35日目

 ソキの旅日記 三十五日目

 最近、リボンちゃんが日記を書くのを邪魔してくるようになったので、こっそり書くことにしましたです。

 ソキは、いまは楽音の国の、国境に一番近い都市にいます。

 楽音の国の都市は、国境にくっついていません。

 国境線は山の中にあって、そこに都市が作れなかったからです。

 たぶん、これからも作れないままです。

 国境を越えれば、楽音の方向にも、星降の方向にも、すぐ都市があるので、そんなには困らないですが。


 花舞の国、というのは、国の名前の通り、お花がたくさん咲いている国です。

 都市のどんなに細い通りにもお花が飾られていて、都市を出て移動する道にも、木の花や草花がたくさん咲いています。

 まだ世界が広かった頃、妖精がどこにでもいた頃、この国はとても愛されていたそうです。


 リボンちゃんも、ニーアちゃんも、お花がとっても好きみたいです。

 この国に住めないのが、来るたびに残念、ってリボンちゃんが溜息ついてました。

 どうして住めないですか? って聞いたら、アンタたちだって都市以外に住めないじゃない、それと一緒よってリボンちゃんは言いました。

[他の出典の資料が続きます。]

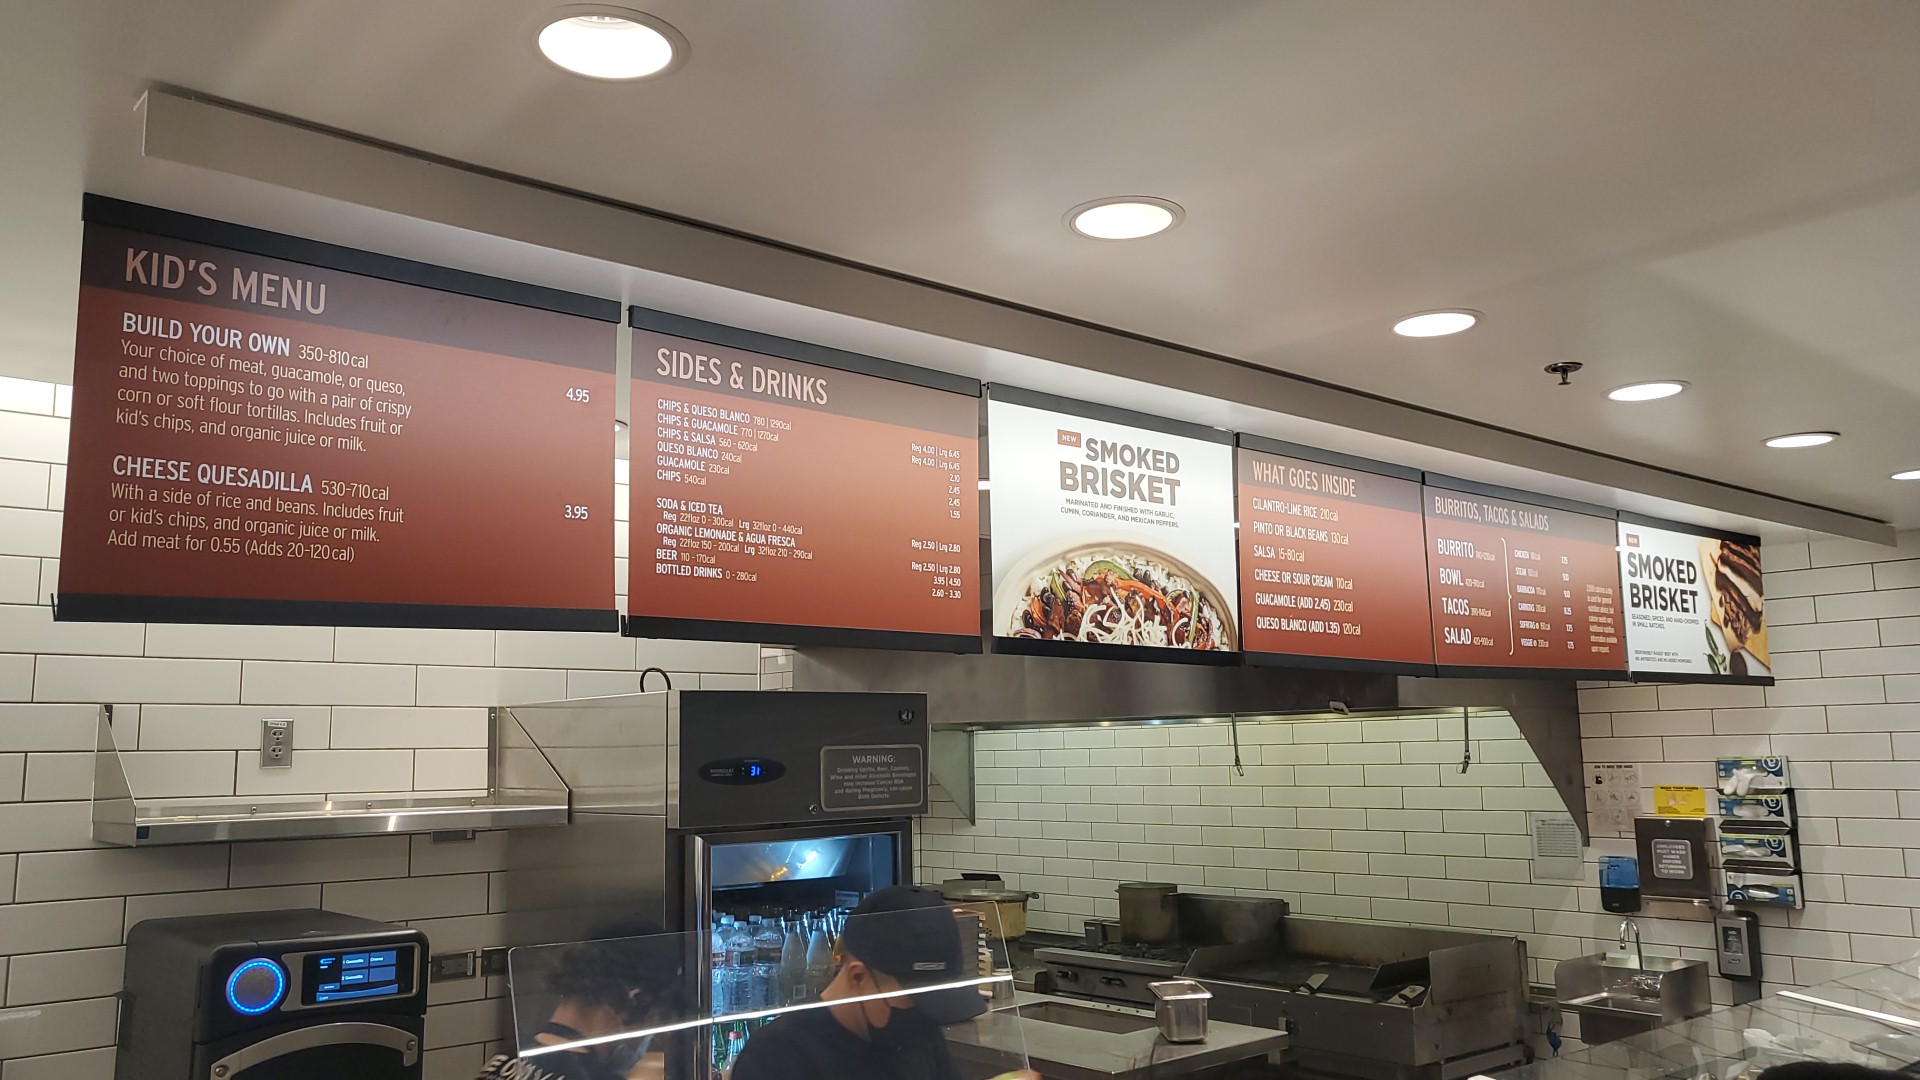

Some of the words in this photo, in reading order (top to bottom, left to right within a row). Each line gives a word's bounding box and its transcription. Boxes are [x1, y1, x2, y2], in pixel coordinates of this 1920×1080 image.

[125, 247, 217, 295] KID'S
[232, 267, 326, 314] MENU
[122, 311, 182, 339] BUILD
[189, 322, 242, 349] YOUR
[248, 332, 290, 356] OWN
[121, 338, 155, 358] Your
[159, 345, 206, 366] choice
[210, 353, 225, 368] of
[228, 358, 267, 377] meat,
[271, 364, 345, 388] guacamole,
[348, 376, 363, 388] or
[366, 378, 405, 396] queso,
[656, 347, 721, 385] SIDES
[729, 361, 744, 389] &
[752, 365, 827, 404] DRINKS
[118, 364, 147, 380] and
[152, 366, 179, 385] two
[183, 370, 244, 396] toppings
[249, 379, 263, 396] to
[267, 385, 284, 401] go
[288, 386, 316, 403] with
[319, 393, 328, 405] a
[331, 393, 356, 409] pair
[359, 396, 373, 410] of
[375, 399, 412, 419] crispy
[565, 387, 589, 403] 4.95
[117, 388, 151, 404] corn
[156, 393, 173, 406] or
[176, 394, 205, 411] soft
[209, 396, 243, 415] flour
[246, 401, 300, 423] tortillas.
[304, 408, 356, 430] Includes
[360, 415, 386, 433] fruit
[389, 423, 403, 435] or
[657, 398, 681, 412] CHIPS
[683, 402, 689, 413] &
[691, 404, 717, 418] QUESO
[719, 408, 750, 423] BLANCO
[116, 407, 149, 427] kid's
[153, 412, 194, 434] chips,
[199, 420, 226, 435] and
[230, 425, 281, 442] organic
[283, 427, 315, 446] juice
[319, 435, 334, 447] or
[337, 435, 366, 452] milk.
[657, 412, 681, 426] CHIPS
[683, 416, 689, 427] &
[691, 417, 738, 435] GUACAMOLE
[657, 426, 681, 440] CHIPS
[683, 430, 689, 441] &
[690, 431, 716, 445] SALSA
[1061, 433, 1077, 442] NEW
[656, 440, 684, 454] QUESO
[686, 444, 718, 459] BLANCO
[721, 451, 742, 462] 240cal
[1085, 437, 1180, 474] SMOKED
[112, 454, 191, 482] CHEESE
[197, 463, 313, 493] QUESADILLA
[656, 454, 706, 471] GUACAMOLE
[708, 463, 729, 475] 230cal
[656, 468, 681, 482] CHIPS
[684, 473, 706, 485] 540cal
[1059, 460, 1180, 506] BRISKET
[1252, 460, 1285, 485] WHAT
[1288, 467, 1318, 490] GOES
[1321, 472, 1356, 497] INSIDE
[948, 485, 960, 495] 2.45
[111, 482, 143, 500] With
[148, 489, 158, 501] a
[162, 487, 192, 505] side
[196, 490, 212, 506] of
[215, 492, 241, 509] rice
[245, 496, 271, 511] and
[276, 496, 318, 515] beans.
[322, 501, 374, 520] Includes
[378, 506, 404, 523] fruit
[564, 504, 588, 520] 3.95
[656, 497, 678, 510] SODA
[680, 500, 686, 511] &
[688, 500, 706, 513] ICED
[707, 503, 723, 515] TEA
[1065, 497, 1099, 508] MARINATED
[1099, 502, 1112, 510] AND
[1113, 504, 1138, 514] FINISHED
[1139, 508, 1153, 516] WITH
[1252, 497, 1302, 516] CILANTRO-LIME
[1302, 505, 1317, 518] RICE
[1434, 495, 1481, 522] BURRITOS,
[1482, 504, 1509, 524] TACOS
[1511, 509, 1517, 525] &
[1518, 510, 1548, 531] SALADS
[949, 509, 960, 519] 1.55
[1060, 506, 1081, 516] CUMIN,
[1081, 509, 1116, 520] CORIANDER,
[1130, 515, 1155, 525] MEXICAN
[1155, 519, 1179, 528] PEPPERS.
[656, 522, 692, 536] ORGANIC
[694, 526, 737, 541] LEMONADE
[737, 531, 744, 542] &
[745, 532, 766, 544] AGUA
[767, 534, 795, 547] FRESCA
[1253, 520, 1273, 535] PINTO
[1274, 523, 1284, 536] OR
[1285, 525, 1306, 539] BLACK
[1307, 528, 1328, 542] BEANS
[107, 529, 137, 546] Add
[142, 533, 181, 549] meat
[185, 534, 206, 551] for
[210, 536, 240, 553] 0.55
[244, 539, 283, 556] (Adds
[1253, 544, 1275, 559] SALSA
[1437, 537, 1474, 558] BURRITO
[656, 548, 677, 560] BEER
[655, 562, 691, 576] BOTTLED
[693, 565, 722, 578] DRINKS
[1254, 568, 1280, 583] CHEESE
[1281, 571, 1291, 584] OR
[1292, 572, 1310, 585] SOUR
[1311, 574, 1333, 588] CREAM
[1439, 567, 1464, 586] BOWL
[1627, 551, 1697, 585] SMOKED
[948, 577, 961, 586] 4.50
[1255, 592, 1296, 607] GUACAMOLE
[1296, 596, 1313, 609] (ADD
[1314, 597, 1331, 611] 2.45)
[1441, 596, 1469, 615] TACOS
[1629, 582, 1698, 614] BRISKET
[1256, 615, 1279, 630] QUESO
[1280, 617, 1307, 631] BLANCO
[1308, 620, 1324, 633] (ADD
[1324, 621, 1340, 635] 1.35)
[1444, 626, 1471, 644] SALAD
[852, 754, 896, 764] WARNING:

 ニーアちゃんが、そーっと、体を悪くしてしまうの、空気とか、水とか、妖精には毒になってしまうものが多いからって教えてくれました。

 ……星降の国では、そんなことがないみたいです。


 妖精さんたちは、星降の国に住んでいるのもいますが、だいたいは中間区に住んでいるそうです。

 リボンちゃんのお家も、中間区にあるそうです。



 今日は、これから、次の都市に移動します。

 リボンちゃんの分と、ニーアちゃんの分、お砂糖をいっぱい買ったですよ!

 ニーアちゃんは、自分で持ち歩けるように、ちいさな布の袋も買いました。

 リボンちゃんのはソキが持って行きます。

 お砂糖、かわいいんですよ! 角砂糖の上に、お砂糖でつくったお花が乗ってるんですよ!

 それを、リボンちゃんとニーアちゃんが両手で持って食べるですよ!

 かわいいです、かわいいです……!


 お値段はふつうのの、三倍くらいしましたです。

 ニーアちゃんが青ざめてたですが、リボンちゃんが肩を掴んで

『いいから見なかったことにしなさい……!』

 って説得していましたです。


 えっと。

 ニーアちゃんとは、次の、その次の都市まで一緒に行くことになりました。

 たぶん、四日間くらい。一緒です。

 ニーアちゃんは、星降の国境近くにある、入学予定者さん(ナリちゃんさん)の所に戻らないといけないみたいです。

 よく分からなかったですが、飛ばされてきちゃったって言ってましたです。


 次の、次の都市が花舞の首都になります。

 首都についたら、ソキは王宮へ行かないといけないみたいです。

 リボンちゃんが、

『アンタ、よく考えなさい。これまで全部の王宮に顔出してるのよ? ここだけ行かなかったらどうなると思う? 暇を持て余したアホ王宮魔術師どもが盛大に拗ねるわよ? そうするとめんどくさいでしょ? アタシが。だから、寄れ』

 って言ったです。

 ……ソキ、リボンちゃんのそういう所は、すごいと思うですよ。


 あ、リボンちゃんとニーアちゃん、お散歩から帰ってきたです。

 馬車の乗り場に移動するですよ。


 今日の日記はこれでおしまい。